Your instructions: Transcribe all the data below exactly, leaving its pictures out.

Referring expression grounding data
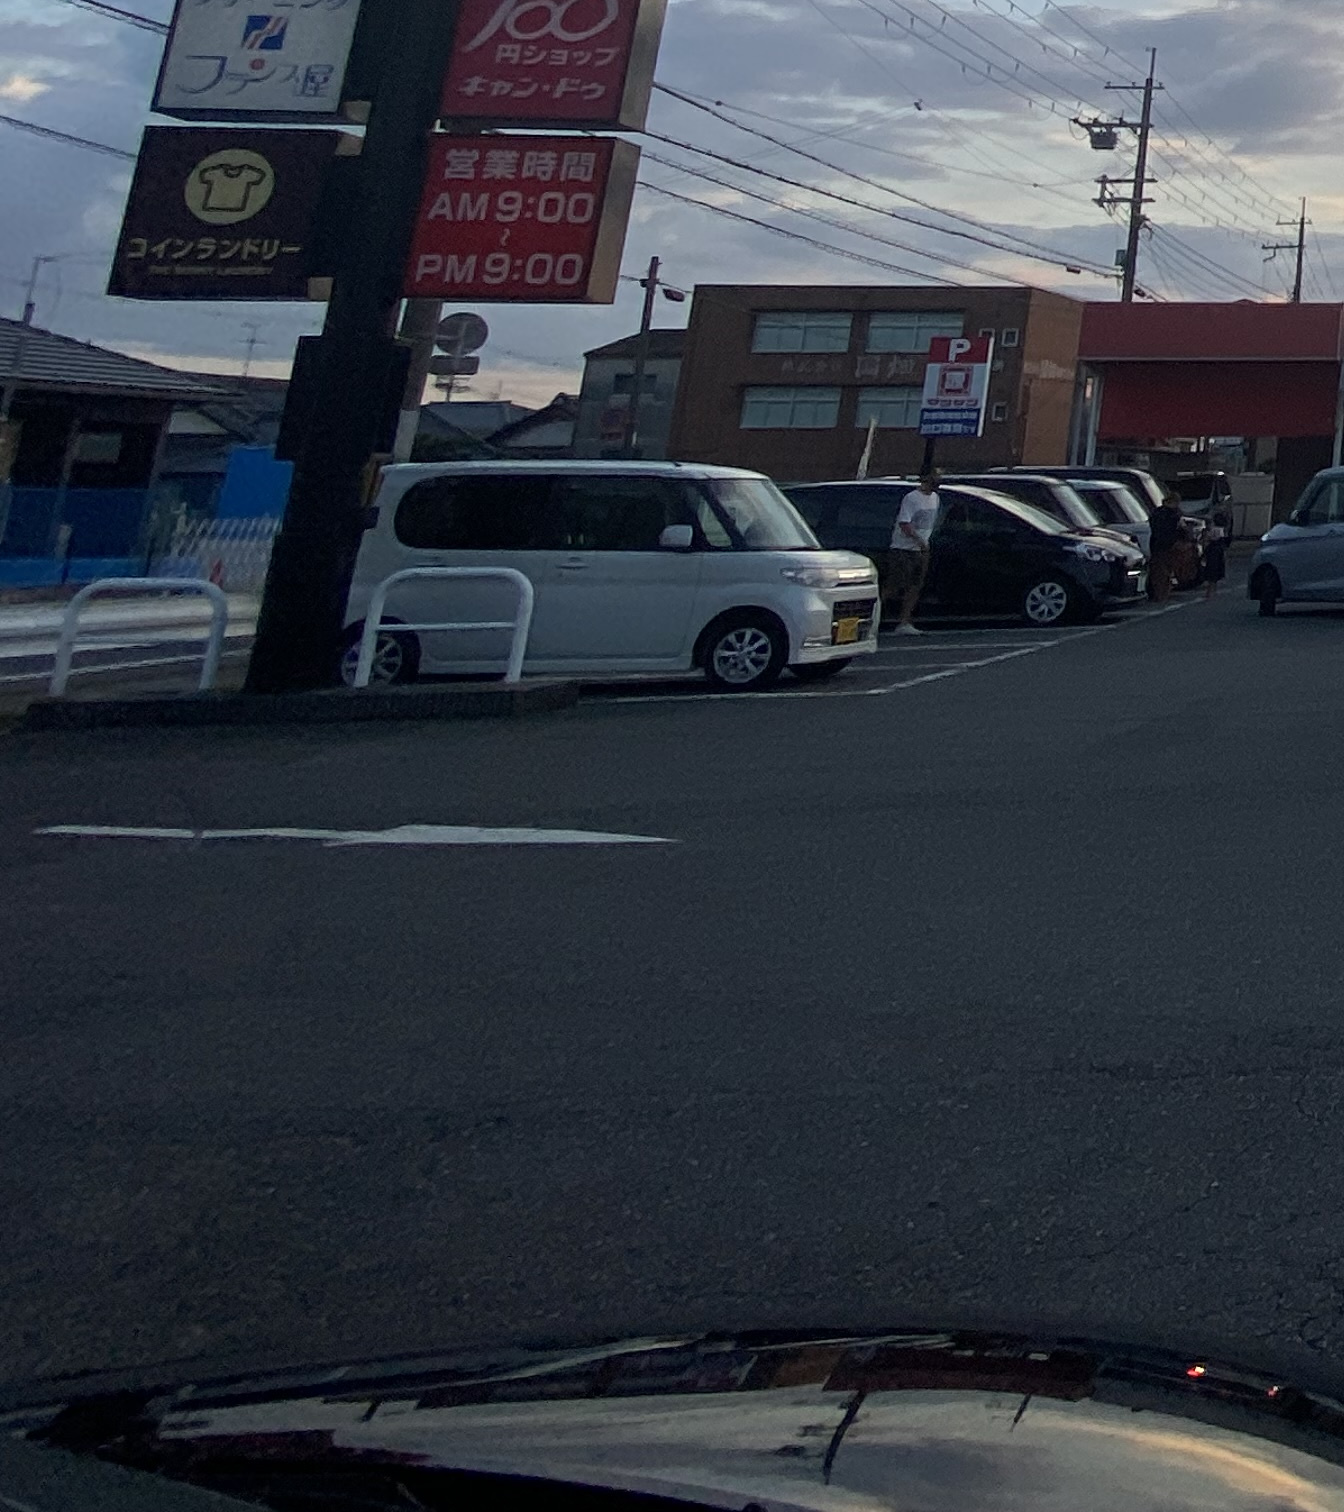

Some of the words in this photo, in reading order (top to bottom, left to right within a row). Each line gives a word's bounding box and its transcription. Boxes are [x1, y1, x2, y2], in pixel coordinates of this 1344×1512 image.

[495, 44, 621, 67] 円ショップ
[444, 148, 597, 182] 営業時間
[127, 236, 302, 261] コインランドリー
[948, 338, 972, 363] P
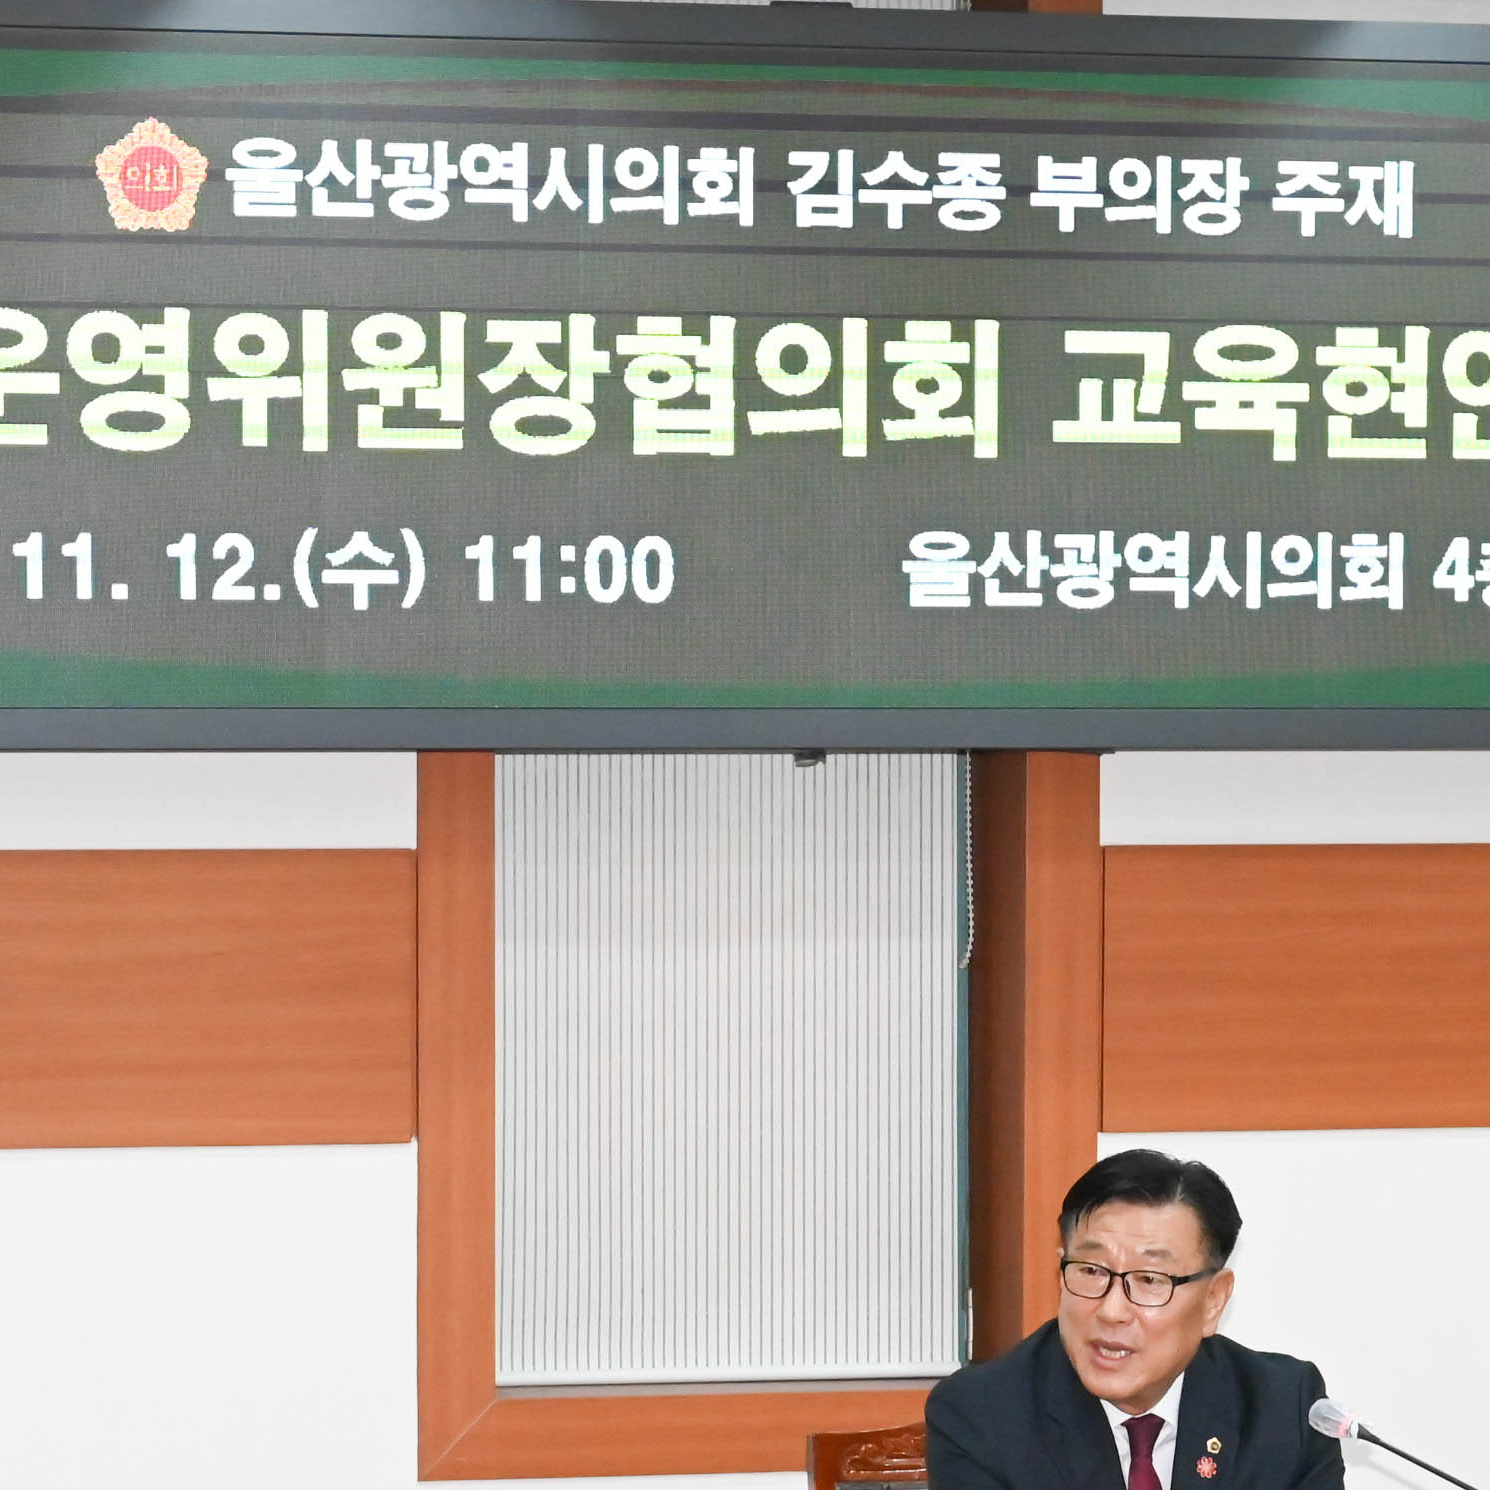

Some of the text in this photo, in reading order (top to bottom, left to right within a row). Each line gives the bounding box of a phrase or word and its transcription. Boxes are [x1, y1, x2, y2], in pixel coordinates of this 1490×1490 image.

[225, 138, 1414, 238] 울산광역시의회 김수종 부의장 주재
[13, 532, 128, 600] 11.
[167, 528, 425, 610] 12.(수)
[466, 535, 674, 603] 11:00
[902, 530, 1404, 609] 울산광역시의회
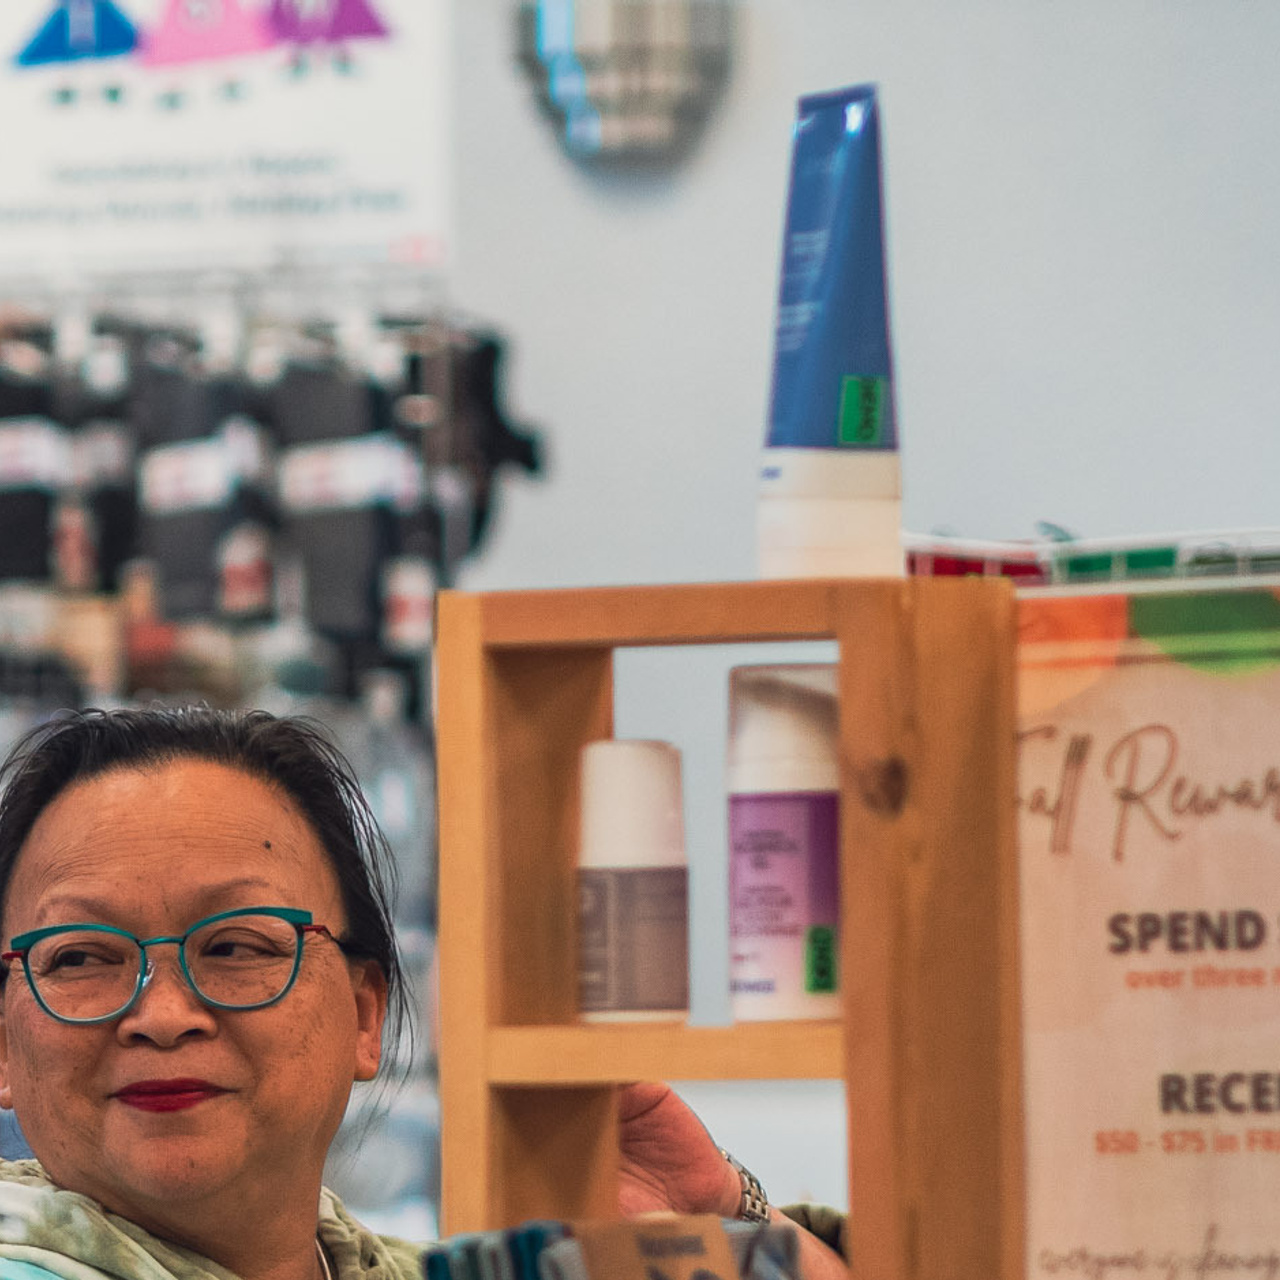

Written reply:
Some of the words in this photo, in reading order (top to bottom, left to right within a row). Each line gives a word's bounding box and its transcription. Boxes are [x1, y1, x2, y2], in pixel coordinates of this 1344×1512 image.

[495, 44, 621, 67] 円ショップ
[444, 148, 597, 182] 営業時間
[127, 236, 302, 261] コインランドリー
[948, 338, 972, 363] P

Some of the text in this photo, in reading order (top to bottom, left to right within a row). Each line gives the bounding box of a phrase or word and its transcription. Boxes are [x1, y1, x2, y2], in pixel coordinates of this 1490×1490 image.

[225, 138, 1414, 238] 울산광역시의회 김수종 부의장 주재
[13, 532, 128, 600] 11.
[167, 528, 425, 610] 12.(수)
[466, 535, 674, 603] 11:00
[902, 530, 1404, 609] 울산광역시의회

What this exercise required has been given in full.